The prayer for judgment continued, or PJC, means Paula Harrison can avoid harsher punishment if she meets certain conditions outlined by prosecutors in the case. Adren Harris, an assistant Johnston County district attorney, declined to say what those conditions are.
Harris also declined to say when Harrison would be sentenced if she failed to meet the conditions of her PJC.
"We haven't put a definite time on it," he said.
Last year, on May 13, Johnston County sheriff's deputies charged Harrison with trafficking opium or heroin, selling or delivering a controlled substance and maintaining a vehicle or dwelling for using, storing or selling drugs.
Investigators accused Harrison, a self-employed single mother, of having two teen accomplices, who were also taken into custody on drug charges.
On Thursday, Harrison appeared in Johnston County Superior Court represented by state Rep.
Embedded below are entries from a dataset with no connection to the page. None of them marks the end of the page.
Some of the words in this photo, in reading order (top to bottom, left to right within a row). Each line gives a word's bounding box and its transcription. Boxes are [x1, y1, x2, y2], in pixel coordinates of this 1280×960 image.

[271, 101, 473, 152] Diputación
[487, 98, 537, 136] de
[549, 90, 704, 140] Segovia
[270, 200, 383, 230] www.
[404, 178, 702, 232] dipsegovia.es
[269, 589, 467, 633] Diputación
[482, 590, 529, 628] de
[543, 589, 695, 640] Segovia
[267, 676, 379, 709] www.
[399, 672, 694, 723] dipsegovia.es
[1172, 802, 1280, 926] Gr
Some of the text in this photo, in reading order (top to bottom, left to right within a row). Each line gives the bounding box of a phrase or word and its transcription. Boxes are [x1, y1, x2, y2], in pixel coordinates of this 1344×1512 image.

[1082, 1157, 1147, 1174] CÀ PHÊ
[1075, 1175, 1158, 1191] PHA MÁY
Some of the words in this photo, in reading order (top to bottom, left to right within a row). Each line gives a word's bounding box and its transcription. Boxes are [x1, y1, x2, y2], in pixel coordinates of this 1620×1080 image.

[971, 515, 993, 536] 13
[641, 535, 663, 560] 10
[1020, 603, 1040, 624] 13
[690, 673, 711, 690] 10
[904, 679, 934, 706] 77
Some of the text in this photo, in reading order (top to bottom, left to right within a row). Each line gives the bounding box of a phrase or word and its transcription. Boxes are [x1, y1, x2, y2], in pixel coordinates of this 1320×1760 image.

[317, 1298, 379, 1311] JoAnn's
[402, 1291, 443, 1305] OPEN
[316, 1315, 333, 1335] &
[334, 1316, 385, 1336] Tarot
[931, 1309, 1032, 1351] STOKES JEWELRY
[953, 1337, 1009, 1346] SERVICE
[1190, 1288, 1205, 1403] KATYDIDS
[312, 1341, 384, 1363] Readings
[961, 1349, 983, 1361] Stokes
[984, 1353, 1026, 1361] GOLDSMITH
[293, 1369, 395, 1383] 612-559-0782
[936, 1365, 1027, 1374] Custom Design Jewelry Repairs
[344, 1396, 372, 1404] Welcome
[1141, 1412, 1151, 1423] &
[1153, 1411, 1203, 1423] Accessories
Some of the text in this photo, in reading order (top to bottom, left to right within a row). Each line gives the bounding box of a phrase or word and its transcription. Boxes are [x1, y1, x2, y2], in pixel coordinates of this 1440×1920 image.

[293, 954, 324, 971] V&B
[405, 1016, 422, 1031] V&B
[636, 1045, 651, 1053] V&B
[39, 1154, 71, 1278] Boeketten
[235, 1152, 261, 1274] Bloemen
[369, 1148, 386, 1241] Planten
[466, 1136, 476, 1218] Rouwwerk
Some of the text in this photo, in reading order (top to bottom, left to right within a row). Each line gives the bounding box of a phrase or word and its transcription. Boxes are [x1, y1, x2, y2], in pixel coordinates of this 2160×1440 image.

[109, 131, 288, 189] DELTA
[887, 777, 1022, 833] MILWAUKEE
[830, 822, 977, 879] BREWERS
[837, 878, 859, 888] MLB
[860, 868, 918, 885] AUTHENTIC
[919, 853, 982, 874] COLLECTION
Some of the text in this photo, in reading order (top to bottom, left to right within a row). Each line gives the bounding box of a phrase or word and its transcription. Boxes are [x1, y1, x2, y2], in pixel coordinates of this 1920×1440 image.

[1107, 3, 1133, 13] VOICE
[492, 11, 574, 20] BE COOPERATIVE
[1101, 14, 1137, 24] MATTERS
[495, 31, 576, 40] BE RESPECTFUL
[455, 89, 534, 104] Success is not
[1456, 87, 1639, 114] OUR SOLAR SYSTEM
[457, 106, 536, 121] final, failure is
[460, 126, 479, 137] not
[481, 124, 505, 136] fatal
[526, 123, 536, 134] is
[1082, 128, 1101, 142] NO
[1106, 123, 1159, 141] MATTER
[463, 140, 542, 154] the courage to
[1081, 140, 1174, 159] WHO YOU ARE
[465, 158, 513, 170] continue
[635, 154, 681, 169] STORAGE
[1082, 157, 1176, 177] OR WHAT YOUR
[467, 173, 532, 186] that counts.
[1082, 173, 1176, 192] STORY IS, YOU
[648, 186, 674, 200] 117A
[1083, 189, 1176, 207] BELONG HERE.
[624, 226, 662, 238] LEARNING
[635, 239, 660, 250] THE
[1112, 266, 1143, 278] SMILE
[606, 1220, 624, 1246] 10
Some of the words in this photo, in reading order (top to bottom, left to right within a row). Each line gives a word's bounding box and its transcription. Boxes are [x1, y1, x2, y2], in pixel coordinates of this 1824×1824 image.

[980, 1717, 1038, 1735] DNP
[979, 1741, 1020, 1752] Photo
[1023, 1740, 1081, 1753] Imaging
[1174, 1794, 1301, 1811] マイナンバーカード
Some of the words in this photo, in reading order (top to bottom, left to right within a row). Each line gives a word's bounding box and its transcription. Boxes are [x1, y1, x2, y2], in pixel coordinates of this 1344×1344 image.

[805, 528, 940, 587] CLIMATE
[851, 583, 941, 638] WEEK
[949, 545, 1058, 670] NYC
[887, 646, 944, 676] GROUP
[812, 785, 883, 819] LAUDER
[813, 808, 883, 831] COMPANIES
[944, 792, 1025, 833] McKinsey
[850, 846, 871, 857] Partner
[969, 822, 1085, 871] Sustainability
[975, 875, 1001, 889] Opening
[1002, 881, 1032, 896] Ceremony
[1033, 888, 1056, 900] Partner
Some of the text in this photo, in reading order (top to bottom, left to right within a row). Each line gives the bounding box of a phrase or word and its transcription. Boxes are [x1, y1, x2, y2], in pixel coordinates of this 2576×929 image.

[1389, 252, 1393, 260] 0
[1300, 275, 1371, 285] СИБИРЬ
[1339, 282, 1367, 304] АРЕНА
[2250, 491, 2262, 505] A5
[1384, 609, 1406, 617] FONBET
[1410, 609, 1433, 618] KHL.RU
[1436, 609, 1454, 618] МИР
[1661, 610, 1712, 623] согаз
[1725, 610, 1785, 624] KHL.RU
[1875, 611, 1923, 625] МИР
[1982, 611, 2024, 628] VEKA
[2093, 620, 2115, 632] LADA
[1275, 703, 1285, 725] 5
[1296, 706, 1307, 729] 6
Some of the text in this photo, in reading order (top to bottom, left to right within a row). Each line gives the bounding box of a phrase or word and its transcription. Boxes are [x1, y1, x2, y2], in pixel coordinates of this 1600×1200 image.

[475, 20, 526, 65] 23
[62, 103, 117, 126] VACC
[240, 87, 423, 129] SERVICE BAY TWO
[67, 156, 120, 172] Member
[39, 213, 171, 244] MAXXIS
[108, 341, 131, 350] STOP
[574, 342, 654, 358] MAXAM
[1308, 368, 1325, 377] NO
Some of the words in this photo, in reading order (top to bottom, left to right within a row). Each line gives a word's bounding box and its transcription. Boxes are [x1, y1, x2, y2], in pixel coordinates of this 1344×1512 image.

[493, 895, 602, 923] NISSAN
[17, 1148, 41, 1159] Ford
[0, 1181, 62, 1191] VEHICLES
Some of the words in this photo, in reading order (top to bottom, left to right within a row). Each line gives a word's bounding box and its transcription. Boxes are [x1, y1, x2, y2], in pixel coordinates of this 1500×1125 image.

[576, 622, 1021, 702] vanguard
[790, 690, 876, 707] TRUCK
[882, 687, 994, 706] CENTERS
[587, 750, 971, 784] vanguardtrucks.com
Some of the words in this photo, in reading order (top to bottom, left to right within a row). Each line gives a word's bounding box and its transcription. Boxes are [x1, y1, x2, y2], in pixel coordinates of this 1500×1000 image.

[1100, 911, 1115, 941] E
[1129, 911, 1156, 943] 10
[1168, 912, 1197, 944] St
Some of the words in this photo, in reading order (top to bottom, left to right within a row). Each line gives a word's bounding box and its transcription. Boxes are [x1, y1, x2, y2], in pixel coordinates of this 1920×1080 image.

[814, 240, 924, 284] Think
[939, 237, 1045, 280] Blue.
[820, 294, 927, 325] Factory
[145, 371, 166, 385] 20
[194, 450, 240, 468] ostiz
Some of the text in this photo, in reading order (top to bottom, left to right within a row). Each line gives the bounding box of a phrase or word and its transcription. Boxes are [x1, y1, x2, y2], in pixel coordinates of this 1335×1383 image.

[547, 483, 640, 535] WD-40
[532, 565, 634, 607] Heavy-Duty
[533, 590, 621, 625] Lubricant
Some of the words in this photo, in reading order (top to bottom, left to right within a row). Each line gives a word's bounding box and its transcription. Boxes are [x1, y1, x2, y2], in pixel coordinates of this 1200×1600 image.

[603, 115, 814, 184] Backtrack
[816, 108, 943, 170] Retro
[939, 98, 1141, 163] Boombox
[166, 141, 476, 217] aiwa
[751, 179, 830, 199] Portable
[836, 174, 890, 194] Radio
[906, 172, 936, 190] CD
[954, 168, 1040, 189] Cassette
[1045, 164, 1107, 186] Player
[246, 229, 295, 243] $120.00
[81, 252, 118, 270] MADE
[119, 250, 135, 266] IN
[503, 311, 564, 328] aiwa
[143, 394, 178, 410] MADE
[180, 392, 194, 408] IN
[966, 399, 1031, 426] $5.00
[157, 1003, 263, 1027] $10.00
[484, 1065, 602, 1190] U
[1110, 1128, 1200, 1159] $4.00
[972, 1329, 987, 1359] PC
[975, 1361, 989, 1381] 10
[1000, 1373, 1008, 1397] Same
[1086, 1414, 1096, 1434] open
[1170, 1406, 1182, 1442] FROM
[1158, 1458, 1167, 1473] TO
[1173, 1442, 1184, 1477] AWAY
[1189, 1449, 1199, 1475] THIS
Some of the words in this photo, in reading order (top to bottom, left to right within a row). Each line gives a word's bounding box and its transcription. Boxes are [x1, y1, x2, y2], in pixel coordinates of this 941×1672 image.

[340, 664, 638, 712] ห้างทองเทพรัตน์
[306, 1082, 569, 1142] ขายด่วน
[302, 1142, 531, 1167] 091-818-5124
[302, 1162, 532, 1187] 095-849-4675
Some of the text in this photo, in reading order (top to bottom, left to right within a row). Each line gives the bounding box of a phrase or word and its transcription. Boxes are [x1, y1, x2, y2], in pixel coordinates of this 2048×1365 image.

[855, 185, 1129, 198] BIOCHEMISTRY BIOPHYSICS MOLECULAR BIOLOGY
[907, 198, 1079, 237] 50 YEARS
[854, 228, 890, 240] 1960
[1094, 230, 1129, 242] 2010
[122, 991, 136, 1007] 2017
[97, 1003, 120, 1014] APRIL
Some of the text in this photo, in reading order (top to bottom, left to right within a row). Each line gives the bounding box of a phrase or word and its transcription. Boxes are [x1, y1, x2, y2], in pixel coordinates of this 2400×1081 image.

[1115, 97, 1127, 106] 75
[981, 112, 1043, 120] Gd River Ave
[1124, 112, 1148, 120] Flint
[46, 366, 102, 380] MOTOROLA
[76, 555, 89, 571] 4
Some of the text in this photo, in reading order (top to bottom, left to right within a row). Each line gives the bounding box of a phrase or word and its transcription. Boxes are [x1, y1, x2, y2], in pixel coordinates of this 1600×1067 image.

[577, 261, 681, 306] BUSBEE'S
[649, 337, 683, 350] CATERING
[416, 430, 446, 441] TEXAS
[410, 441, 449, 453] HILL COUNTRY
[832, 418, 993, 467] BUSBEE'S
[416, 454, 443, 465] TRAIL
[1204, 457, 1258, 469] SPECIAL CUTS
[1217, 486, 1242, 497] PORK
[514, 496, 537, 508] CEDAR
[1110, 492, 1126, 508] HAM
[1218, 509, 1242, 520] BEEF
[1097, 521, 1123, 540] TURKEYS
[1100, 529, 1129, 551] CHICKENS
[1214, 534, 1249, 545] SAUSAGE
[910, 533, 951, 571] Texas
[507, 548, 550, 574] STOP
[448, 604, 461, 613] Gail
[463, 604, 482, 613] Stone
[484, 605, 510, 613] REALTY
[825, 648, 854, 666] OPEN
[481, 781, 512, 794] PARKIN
Leo Daughtry of Smithfield.
Her guilty plea in exchange for the PJC was accepted by the Johnston County District Attorney's Office.
Harris said that although the prayer for judgment plea is most often seen in traffic offenses, it can be "used for pretty much anything except murder."
The district attorney's office took into account that Harrison was a first-time offender, Harris said, and that the drugs she is accused of trafficking are prescription pills like Percocet and Oxycodone.
Harris said the district attorney's office would not have accepted a prayer for judgment if she had been charged with trafficking cocaine.
"You have got to look at all of the facts," Harris said. "If we have someone who is addicted to crack and selling crack to get more crack then they may get a similar set up."
Harris declined comment when asked if Paula Harrison was selling prescription pills because she was addicted to them. The prosecutor also brushed aside comments that his office was offering Harrison a sweetheart deal because her father is the sheriff of a neighboring county.
"Because she is his daughter then it's going to be deemed by some as biased, but it's not," Harris said. "I trust that what we are doing is in the best interest of justice."